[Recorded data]
___

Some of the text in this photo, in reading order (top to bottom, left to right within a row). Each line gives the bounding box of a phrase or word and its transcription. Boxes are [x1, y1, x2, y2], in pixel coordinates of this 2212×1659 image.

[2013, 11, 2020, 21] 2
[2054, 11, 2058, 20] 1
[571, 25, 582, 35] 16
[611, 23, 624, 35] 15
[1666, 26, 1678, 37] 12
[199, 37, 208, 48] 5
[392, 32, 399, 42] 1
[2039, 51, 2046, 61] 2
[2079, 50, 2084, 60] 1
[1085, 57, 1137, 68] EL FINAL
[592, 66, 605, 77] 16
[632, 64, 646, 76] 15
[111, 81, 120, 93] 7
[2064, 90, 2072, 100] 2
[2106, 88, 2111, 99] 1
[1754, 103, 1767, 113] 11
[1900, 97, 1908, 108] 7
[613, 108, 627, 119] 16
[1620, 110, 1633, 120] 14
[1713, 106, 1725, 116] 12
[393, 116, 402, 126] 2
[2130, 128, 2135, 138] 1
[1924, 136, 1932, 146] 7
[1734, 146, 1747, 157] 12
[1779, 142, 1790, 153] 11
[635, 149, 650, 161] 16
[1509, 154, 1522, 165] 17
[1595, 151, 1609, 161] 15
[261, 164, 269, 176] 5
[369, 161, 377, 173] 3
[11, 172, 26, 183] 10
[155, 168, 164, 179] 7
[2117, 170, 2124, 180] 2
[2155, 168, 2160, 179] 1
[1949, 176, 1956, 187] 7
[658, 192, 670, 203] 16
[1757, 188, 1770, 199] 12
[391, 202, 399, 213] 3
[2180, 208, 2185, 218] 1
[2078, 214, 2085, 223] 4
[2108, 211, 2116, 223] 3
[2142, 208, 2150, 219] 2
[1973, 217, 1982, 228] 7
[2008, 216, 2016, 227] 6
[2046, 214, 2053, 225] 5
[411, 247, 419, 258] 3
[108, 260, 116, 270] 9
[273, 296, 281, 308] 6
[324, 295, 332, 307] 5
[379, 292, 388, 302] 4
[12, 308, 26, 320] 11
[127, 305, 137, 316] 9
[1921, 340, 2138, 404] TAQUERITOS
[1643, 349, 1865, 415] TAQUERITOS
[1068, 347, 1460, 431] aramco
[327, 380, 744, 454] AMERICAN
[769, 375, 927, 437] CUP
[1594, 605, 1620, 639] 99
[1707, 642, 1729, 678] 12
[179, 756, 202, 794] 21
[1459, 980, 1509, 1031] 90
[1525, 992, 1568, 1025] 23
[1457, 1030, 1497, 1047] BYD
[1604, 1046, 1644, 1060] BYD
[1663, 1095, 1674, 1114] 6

___

→ WORK ORDER
Your whole answer should be one number, the count of lines in the records that hold "TAQUERITOS".

→ EXERCISE SOLUTION
2